Your answer is the line containing "this 1440×1920 image." plus every line after it to the end of the data below, transcribed exactly and with nothing else.

+++ Data in this exercise

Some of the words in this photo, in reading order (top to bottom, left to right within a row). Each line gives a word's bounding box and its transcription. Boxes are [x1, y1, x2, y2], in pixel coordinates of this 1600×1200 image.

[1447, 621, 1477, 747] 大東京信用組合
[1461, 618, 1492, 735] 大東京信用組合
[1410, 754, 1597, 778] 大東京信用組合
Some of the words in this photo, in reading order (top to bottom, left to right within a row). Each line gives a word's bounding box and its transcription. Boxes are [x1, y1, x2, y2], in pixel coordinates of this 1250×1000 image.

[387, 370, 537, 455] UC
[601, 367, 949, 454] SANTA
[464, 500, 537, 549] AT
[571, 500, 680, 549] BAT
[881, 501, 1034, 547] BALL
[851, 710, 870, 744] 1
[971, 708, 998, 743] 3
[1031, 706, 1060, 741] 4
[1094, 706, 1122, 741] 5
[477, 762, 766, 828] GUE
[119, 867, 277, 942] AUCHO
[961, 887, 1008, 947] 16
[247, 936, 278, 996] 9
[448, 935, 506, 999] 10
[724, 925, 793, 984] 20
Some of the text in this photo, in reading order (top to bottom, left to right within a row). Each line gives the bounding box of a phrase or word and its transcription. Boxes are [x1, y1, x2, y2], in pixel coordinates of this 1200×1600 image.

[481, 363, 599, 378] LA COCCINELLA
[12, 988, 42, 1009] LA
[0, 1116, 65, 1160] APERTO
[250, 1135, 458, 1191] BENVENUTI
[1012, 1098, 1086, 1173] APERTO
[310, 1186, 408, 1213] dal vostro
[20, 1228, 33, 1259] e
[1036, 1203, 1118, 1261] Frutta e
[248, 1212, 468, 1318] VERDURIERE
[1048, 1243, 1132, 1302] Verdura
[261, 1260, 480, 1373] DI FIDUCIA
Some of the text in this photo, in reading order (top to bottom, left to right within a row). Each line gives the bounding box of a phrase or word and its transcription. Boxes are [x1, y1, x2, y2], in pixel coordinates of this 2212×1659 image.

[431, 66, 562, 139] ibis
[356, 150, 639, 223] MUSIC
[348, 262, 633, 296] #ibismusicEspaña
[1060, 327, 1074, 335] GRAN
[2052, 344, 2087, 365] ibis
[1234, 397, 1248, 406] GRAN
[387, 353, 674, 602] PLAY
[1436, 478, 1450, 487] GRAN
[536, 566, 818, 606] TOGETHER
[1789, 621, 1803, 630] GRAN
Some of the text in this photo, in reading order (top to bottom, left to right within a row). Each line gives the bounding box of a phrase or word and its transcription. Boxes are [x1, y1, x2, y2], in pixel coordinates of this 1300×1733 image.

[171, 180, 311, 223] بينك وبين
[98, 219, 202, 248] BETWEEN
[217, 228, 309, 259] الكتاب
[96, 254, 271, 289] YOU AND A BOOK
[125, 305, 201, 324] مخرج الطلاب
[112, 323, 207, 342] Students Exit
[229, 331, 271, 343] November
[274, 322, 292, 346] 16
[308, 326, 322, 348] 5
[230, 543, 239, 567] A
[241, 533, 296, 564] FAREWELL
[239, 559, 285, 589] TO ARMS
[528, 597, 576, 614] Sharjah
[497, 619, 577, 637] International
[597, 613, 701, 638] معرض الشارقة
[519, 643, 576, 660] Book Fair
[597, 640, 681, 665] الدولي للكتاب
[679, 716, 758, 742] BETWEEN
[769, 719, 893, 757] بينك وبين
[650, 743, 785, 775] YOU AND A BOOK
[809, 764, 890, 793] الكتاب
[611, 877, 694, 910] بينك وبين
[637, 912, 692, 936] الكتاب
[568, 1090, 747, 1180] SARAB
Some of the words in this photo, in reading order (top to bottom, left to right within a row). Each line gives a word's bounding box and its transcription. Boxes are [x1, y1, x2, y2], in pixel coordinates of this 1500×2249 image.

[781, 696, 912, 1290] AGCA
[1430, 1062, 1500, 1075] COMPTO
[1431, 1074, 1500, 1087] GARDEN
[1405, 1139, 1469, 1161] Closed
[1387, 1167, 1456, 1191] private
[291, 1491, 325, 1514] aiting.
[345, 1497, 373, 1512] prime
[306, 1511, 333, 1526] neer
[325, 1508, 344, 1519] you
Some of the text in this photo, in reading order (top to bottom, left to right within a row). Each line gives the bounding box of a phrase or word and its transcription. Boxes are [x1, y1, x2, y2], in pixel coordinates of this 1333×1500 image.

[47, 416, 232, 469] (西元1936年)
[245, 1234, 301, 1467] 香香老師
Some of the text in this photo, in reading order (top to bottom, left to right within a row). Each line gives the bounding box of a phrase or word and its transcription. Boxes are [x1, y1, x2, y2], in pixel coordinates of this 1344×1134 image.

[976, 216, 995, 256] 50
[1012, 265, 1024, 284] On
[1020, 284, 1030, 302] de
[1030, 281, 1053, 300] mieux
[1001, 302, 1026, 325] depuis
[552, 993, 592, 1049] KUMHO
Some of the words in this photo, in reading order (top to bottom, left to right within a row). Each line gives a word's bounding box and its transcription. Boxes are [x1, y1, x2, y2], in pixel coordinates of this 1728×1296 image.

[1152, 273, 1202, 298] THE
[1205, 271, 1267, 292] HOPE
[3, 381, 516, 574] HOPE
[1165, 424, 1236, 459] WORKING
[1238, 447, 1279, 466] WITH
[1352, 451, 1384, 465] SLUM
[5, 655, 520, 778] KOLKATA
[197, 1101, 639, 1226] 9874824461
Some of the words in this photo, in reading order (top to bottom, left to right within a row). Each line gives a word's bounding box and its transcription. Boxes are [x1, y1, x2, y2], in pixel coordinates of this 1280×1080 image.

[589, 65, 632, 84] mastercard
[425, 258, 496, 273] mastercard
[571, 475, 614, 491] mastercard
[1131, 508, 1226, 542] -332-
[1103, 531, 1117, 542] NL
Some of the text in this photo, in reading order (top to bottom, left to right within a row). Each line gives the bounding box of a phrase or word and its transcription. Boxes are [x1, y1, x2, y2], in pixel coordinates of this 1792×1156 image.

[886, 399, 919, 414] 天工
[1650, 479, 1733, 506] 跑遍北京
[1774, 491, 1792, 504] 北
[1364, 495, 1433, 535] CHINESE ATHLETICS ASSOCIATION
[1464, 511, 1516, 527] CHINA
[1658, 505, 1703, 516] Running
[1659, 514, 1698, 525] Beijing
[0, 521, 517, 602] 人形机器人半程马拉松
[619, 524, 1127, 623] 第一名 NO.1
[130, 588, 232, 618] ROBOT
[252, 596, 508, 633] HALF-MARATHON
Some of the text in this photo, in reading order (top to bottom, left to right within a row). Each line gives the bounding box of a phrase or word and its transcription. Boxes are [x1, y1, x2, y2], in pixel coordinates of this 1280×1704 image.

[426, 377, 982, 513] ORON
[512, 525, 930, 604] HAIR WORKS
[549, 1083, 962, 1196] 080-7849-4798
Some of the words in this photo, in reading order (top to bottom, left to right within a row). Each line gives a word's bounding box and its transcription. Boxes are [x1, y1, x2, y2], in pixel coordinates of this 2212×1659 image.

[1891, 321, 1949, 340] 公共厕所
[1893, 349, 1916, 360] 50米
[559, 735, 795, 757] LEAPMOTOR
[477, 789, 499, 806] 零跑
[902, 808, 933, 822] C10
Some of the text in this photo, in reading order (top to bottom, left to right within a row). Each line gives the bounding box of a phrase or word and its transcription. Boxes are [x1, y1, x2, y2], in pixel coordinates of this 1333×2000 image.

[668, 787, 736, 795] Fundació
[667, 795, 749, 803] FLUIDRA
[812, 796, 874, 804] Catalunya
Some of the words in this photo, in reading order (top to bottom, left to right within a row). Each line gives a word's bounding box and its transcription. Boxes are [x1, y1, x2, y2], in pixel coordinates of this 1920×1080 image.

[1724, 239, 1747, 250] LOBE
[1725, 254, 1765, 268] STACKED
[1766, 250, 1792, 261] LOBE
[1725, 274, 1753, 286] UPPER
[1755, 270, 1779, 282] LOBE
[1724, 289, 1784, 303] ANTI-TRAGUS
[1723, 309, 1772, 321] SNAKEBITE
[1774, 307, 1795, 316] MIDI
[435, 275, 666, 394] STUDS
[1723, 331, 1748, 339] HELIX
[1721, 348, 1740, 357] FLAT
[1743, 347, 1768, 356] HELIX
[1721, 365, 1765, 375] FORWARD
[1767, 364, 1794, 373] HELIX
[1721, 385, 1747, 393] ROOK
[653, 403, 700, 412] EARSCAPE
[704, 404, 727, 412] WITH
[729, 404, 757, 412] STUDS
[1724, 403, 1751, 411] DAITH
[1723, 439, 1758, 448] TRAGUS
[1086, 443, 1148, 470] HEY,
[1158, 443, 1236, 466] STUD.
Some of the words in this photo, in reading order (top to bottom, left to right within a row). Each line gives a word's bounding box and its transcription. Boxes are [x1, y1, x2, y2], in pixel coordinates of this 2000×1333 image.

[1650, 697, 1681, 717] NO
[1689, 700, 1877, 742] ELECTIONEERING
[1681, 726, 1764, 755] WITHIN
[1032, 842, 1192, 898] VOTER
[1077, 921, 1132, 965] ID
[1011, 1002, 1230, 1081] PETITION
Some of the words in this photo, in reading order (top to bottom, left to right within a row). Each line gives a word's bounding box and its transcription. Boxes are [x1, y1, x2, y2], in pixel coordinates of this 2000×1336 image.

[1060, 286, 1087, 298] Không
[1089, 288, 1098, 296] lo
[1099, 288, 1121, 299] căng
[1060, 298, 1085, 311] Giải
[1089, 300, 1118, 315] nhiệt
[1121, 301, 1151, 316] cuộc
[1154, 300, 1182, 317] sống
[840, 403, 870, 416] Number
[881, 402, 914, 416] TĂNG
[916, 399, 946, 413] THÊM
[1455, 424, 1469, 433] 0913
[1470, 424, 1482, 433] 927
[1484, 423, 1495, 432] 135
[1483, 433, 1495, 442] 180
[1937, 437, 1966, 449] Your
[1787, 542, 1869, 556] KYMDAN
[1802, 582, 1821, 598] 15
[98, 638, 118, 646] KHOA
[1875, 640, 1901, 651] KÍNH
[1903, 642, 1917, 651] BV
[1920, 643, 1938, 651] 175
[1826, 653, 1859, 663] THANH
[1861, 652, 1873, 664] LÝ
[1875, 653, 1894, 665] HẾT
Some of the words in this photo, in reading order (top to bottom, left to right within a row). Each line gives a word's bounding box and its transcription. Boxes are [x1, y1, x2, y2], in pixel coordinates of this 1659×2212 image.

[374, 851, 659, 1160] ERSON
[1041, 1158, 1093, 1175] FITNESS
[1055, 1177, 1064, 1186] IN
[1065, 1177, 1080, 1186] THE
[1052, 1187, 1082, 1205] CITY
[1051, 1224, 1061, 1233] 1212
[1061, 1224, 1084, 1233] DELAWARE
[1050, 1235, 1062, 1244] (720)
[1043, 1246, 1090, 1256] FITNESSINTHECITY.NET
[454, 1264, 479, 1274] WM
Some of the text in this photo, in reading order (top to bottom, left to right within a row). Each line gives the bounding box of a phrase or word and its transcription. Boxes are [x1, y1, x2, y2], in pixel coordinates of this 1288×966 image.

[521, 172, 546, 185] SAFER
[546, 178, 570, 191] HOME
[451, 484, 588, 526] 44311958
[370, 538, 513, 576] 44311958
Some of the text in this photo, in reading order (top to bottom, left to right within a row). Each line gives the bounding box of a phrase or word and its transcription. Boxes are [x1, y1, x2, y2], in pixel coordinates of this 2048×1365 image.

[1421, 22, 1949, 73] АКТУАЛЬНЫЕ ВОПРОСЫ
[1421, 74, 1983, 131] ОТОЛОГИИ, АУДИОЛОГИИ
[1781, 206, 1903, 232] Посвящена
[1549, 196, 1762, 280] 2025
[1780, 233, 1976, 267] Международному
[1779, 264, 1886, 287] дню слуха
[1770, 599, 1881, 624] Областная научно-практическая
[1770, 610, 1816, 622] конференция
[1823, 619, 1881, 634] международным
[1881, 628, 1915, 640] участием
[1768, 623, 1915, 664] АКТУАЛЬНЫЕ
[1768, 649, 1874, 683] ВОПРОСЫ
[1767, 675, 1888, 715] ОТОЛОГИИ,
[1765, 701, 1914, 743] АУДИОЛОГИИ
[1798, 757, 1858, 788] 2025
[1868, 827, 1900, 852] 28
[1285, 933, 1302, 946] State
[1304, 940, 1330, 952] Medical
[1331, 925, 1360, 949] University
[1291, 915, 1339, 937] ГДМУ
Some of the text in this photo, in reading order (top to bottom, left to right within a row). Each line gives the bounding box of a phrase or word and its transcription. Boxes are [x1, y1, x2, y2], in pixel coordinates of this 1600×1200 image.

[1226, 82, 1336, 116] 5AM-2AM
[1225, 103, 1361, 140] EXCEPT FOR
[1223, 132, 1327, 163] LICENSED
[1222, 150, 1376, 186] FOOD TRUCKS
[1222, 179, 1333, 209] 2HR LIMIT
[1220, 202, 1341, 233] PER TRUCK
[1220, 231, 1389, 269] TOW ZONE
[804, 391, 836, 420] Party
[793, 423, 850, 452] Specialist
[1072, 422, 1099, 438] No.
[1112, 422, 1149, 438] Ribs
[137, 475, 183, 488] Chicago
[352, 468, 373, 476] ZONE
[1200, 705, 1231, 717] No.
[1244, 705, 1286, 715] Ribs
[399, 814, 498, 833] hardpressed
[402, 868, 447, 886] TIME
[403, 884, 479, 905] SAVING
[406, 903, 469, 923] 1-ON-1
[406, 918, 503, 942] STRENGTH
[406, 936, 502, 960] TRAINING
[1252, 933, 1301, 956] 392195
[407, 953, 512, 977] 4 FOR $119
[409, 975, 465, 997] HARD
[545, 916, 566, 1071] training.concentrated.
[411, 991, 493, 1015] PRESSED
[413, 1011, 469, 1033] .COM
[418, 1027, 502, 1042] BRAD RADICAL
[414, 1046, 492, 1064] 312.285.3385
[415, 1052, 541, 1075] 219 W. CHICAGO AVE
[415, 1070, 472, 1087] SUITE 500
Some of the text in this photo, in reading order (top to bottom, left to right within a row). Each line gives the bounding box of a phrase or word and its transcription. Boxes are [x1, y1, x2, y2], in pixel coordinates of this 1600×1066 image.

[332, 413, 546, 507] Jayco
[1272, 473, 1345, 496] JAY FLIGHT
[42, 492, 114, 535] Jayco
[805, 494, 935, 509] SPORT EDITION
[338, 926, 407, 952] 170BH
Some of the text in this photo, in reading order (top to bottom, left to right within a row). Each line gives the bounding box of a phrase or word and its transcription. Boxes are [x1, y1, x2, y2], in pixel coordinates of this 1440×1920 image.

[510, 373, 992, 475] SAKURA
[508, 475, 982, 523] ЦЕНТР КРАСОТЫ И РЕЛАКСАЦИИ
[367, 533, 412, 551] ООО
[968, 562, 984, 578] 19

++++++

Response:
Some of the text in this photo, in reading order (top to bottom, left to right within a row). Each line gives the bounding box of a phrase or word and its transcription. Boxes are [x1, y1, x2, y2], in pixel coordinates of this 1440×1920 image.

[510, 373, 992, 475] SAKURA
[508, 475, 982, 523] ЦЕНТР КРАСОТЫ И РЕЛАКСАЦИИ
[367, 533, 412, 551] ООО
[968, 562, 984, 578] 19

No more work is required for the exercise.